La particolare configurazione geografica del Mediterraneo favorisce, in presenza di determinate condizioni atmosferiche, la nascita e l’approfondimento di minimi barici. Tale fenomeno viene chiamato generalmente ciclogenesi.
Per la presenza delle Alpi, dei Pirenei e dei massicci della Sierra Nevada e Centrale, il Mediterraneo può considerarsi un mare chiuso all’afflusso delle correnti fredde settentrionali. Da sud le correnti possono giungere senza problemi grazie all’assenza di ostacoli orografici, eccetto l’Atlante.
Per questa sua natura, il Mediterraneo accumula energia termica, nel semestre caldo, per conservarla e ridistribuirla all’atmosfera circostante nel semestre freddo. Le perturbazioni da qualsiasi zona provengano non conservano la struttura di origine ma tendono a rompersi o intensificarsi, cambiando direzione e rendendo spesso complessa la previsione.
La trasformazione più interessante che subiscono le perturbazioni che giungono sul mar Mediterraneo consiste nel manifestarsi di ciclogenesi, ovvero nella formazione e sviluppo di minimi di pressione in determinate aree preferenziali, generalmente sottovento alle catene montuose.

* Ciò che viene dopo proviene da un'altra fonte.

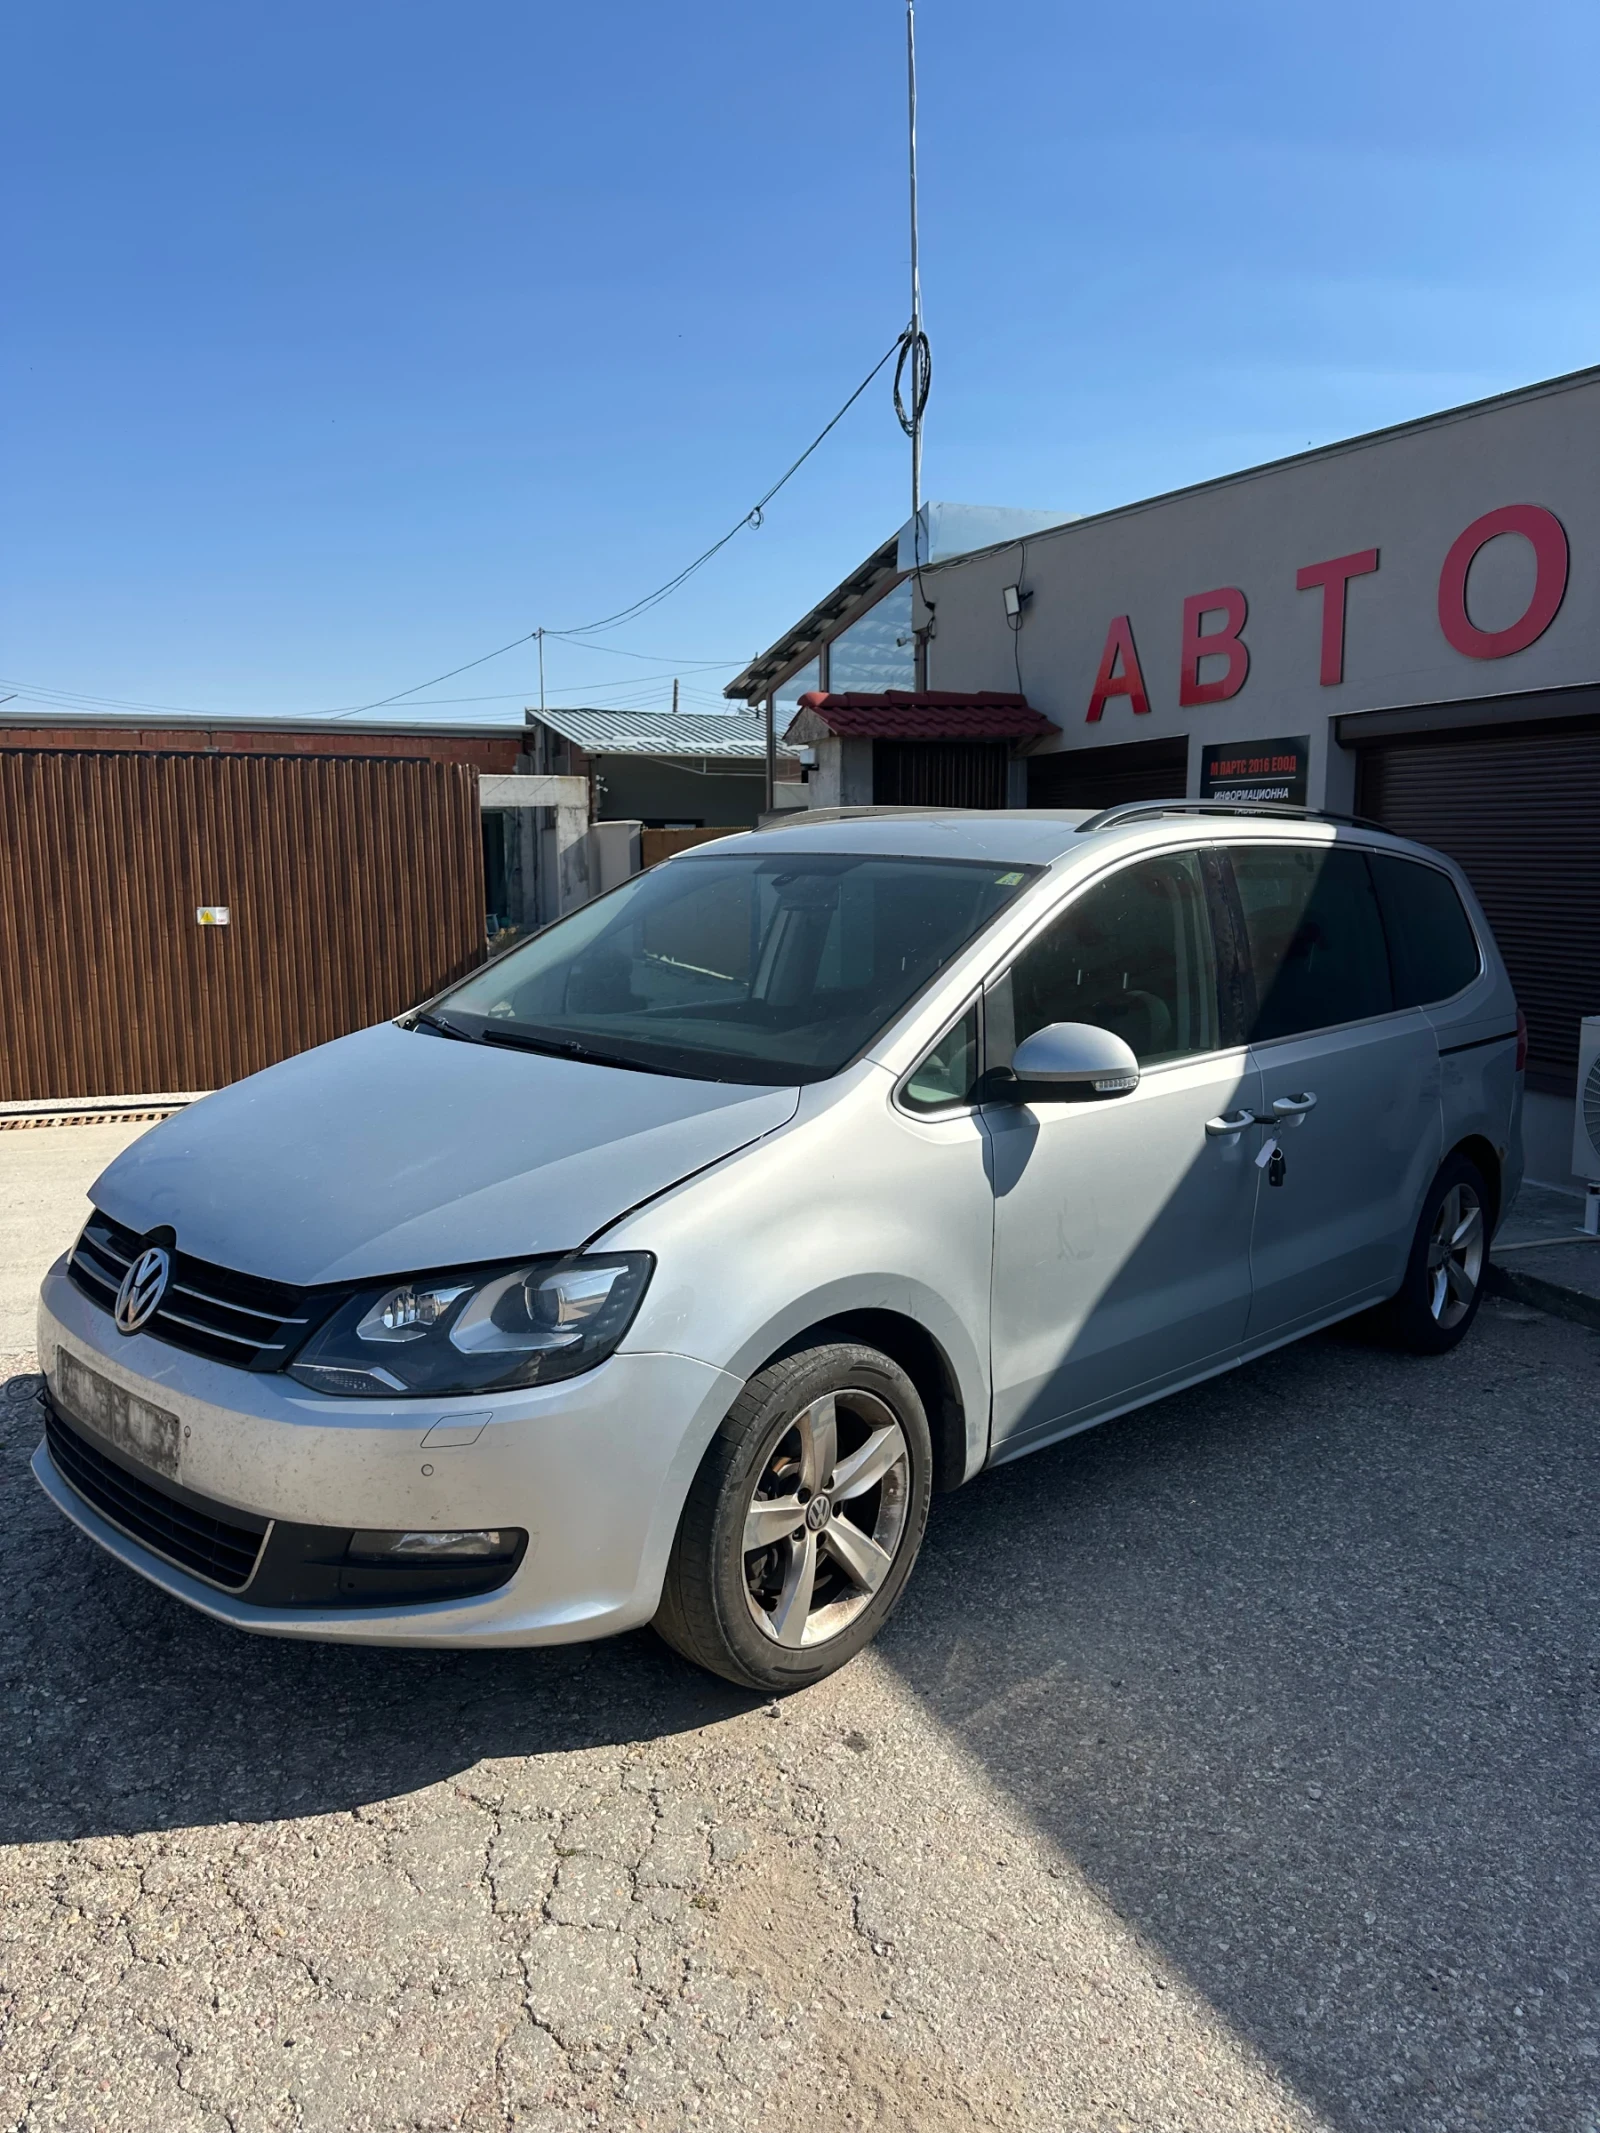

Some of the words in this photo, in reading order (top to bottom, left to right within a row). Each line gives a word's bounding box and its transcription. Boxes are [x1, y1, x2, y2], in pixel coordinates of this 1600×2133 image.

[1085, 504, 1570, 723] АВТО
[1220, 760, 1247, 775] ПАРТС
[1248, 758, 1268, 773] 2016
[1271, 756, 1296, 772] ЕООД
[1214, 788, 1288, 801] ИНФОРМАЦИОННА
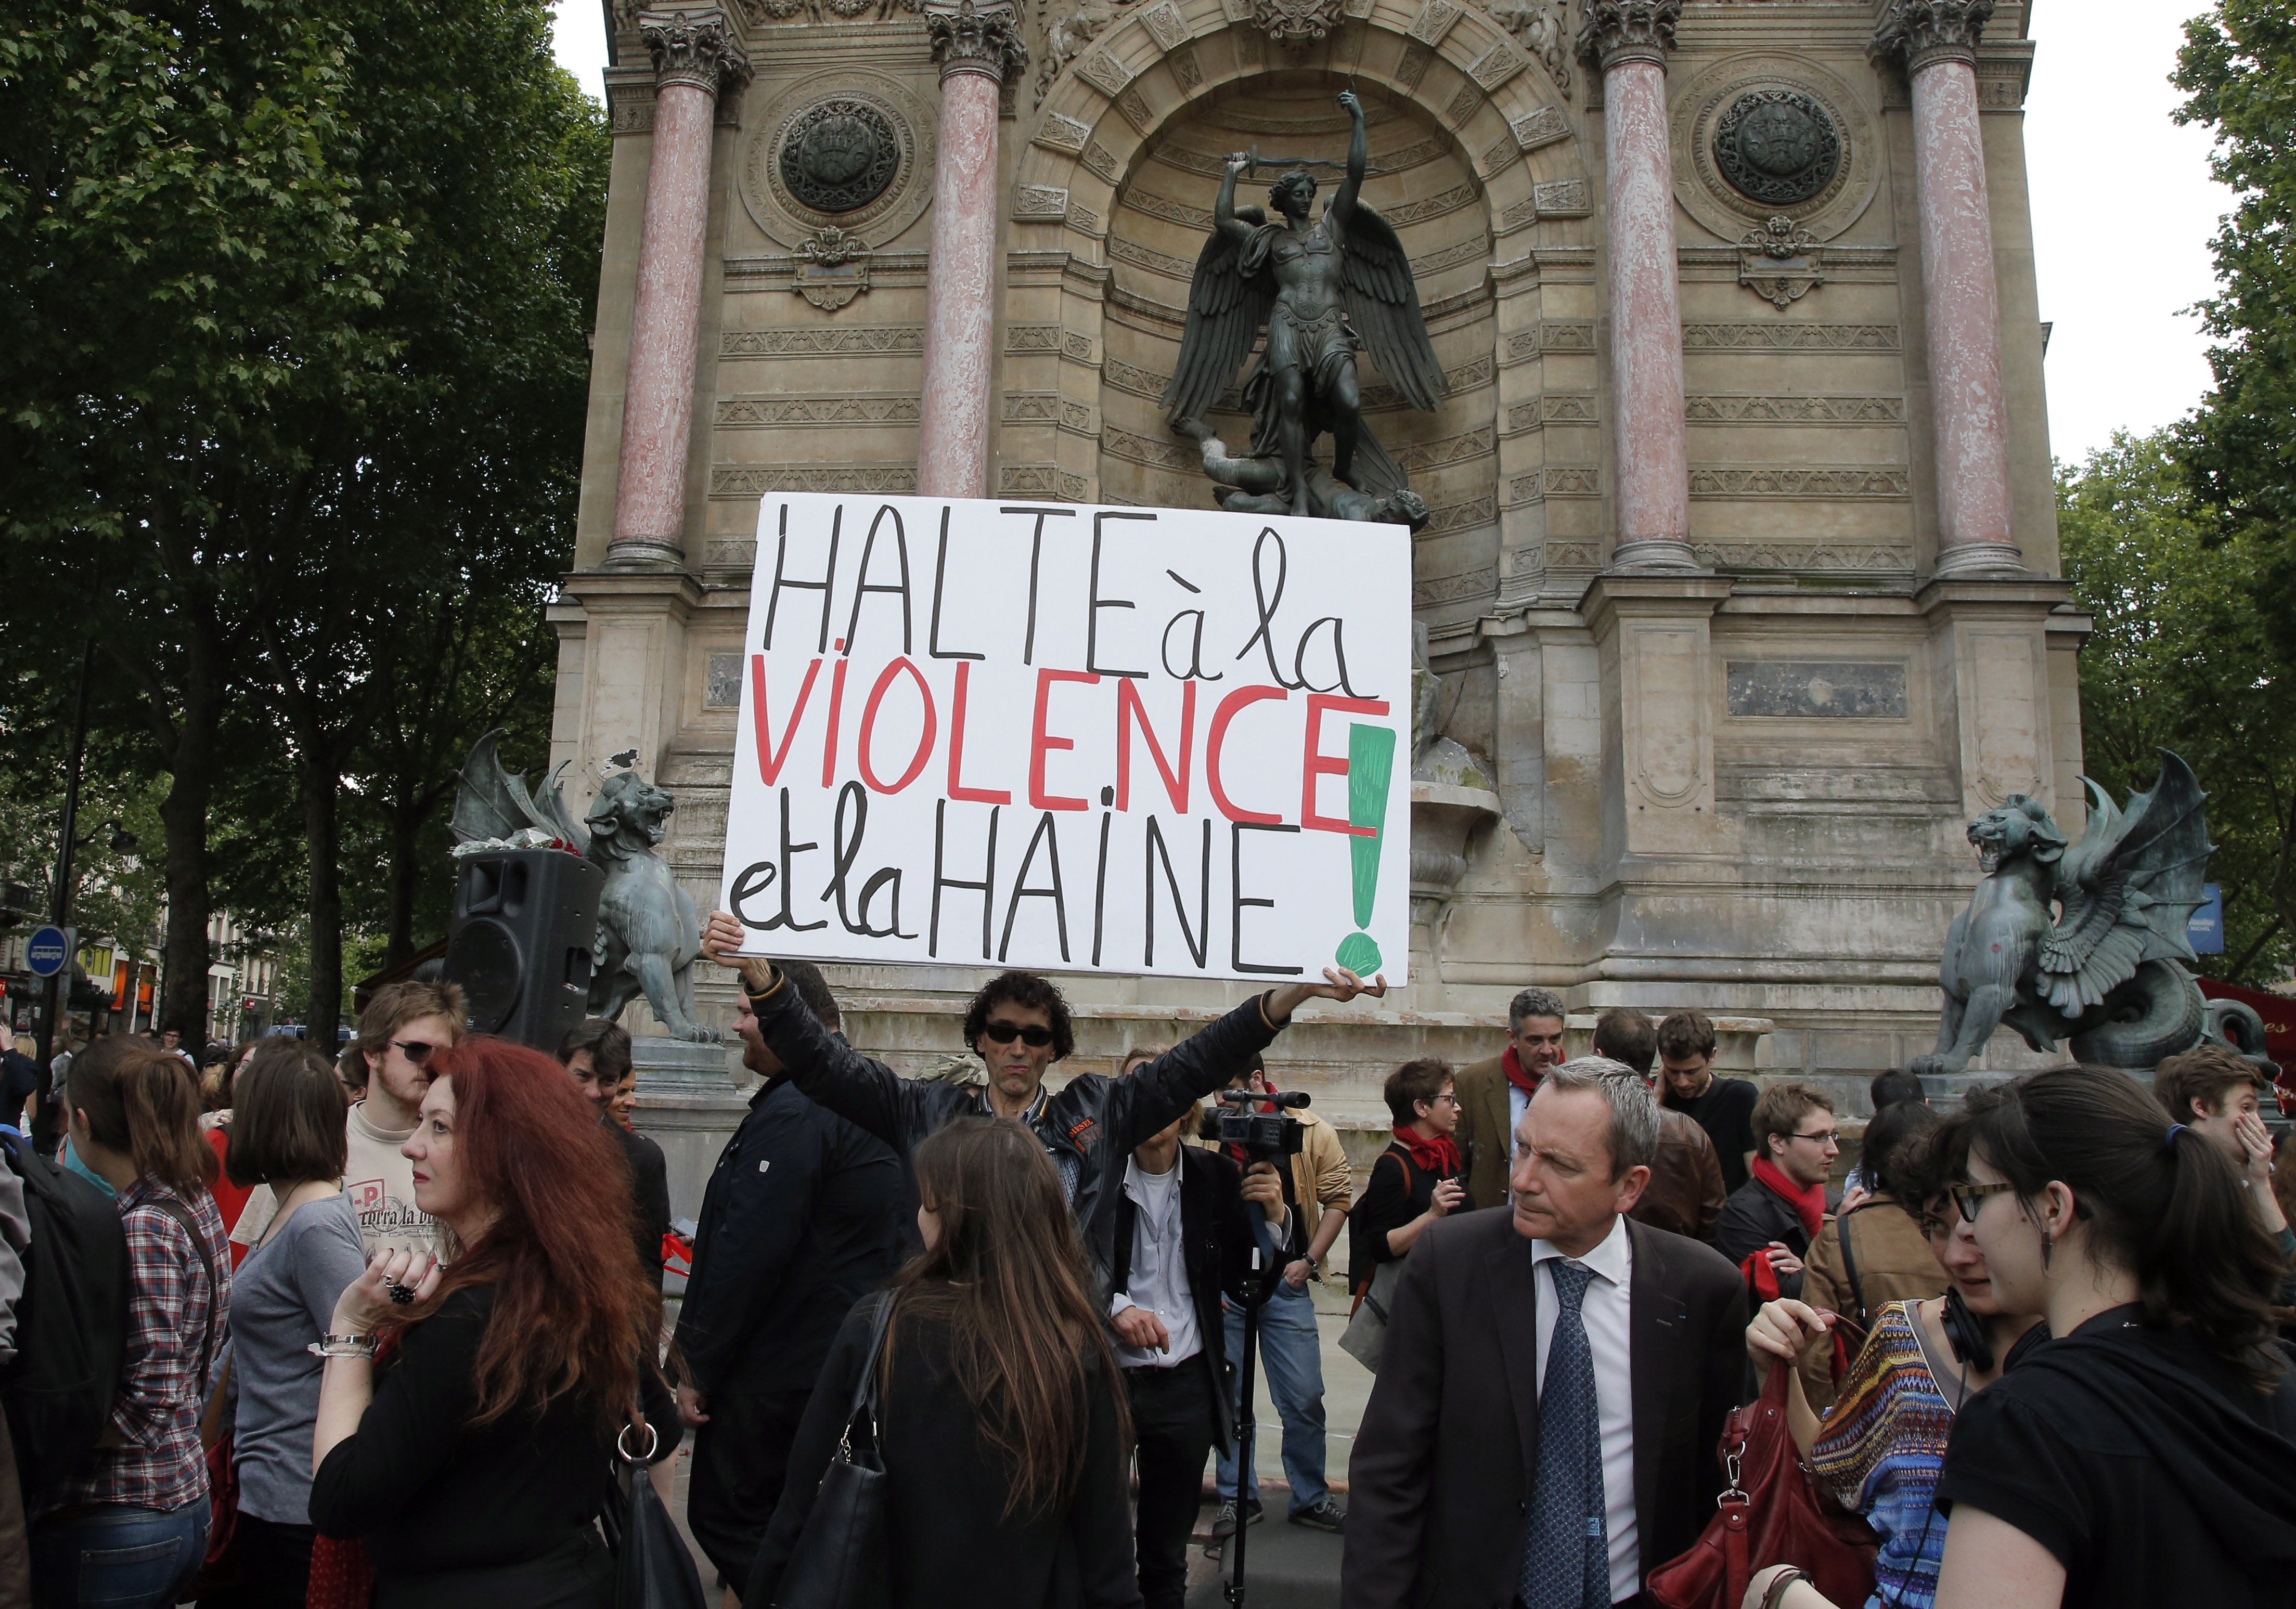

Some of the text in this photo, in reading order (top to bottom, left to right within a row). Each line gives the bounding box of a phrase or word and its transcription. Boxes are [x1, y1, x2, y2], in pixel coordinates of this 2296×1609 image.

[764, 504, 1385, 700] HALTE à la
[729, 787, 828, 931] et
[820, 780, 919, 939] la
[1069, 1119, 1094, 1138] DIESEL
[402, 1205, 415, 1225] la

Infatti le correnti che giungono sul bacino, incontrando una barriera, tendono a far accumulare aria sopravvento ad essa (aumento di pressione) e a produrne una diminuzione di pressione sottovento. Secondo il luogo ove la depressione si forma, si possono distinguere sul Mediterraneo vari tipi di ciclogenesi. Alle ciclogenesi delle Baleari, del Golfo del Leone, del Golfo di Genova e della Pianura Padana è generalmente associato un tipo di tempo da ovest o da nordovest, umido e relativamente mite, che si può definire “atlantico”. Alle ciclogenesi del Golfo di Trieste, del Tirreno centromeridionale, dello Ionio e dell’Egeo è associato, di solito, un tipo di tempo relativamente freddo che si può definire “continentale”. Alle ciclogenesi del Marocco, dell’Algeria, della Tripolitania e della Cirenaica è associato un tipo di tempo da sud che si può definire “africano”.
Prendendo in considerazione il periodo dal 1980 al 2004, le ciclogenesi con un minimo minore di 1000 hPa verificate sono state 355. Le ciclogenesi associate a sistemi perturbati atlantici sono le più numerose, in particolare quelle del Golfo Ligure (G1+G2), 88 casi, e quelle del Golfo del Leone (L1+L2), 65 casi, insieme rappresentano il 43% di tutte le ciclogenesi dell’intero periodo di 25 anni. Tra le africane prevalgono le ciclogenesi dell’Algeria (Aa1+Aa2) con 38 casi.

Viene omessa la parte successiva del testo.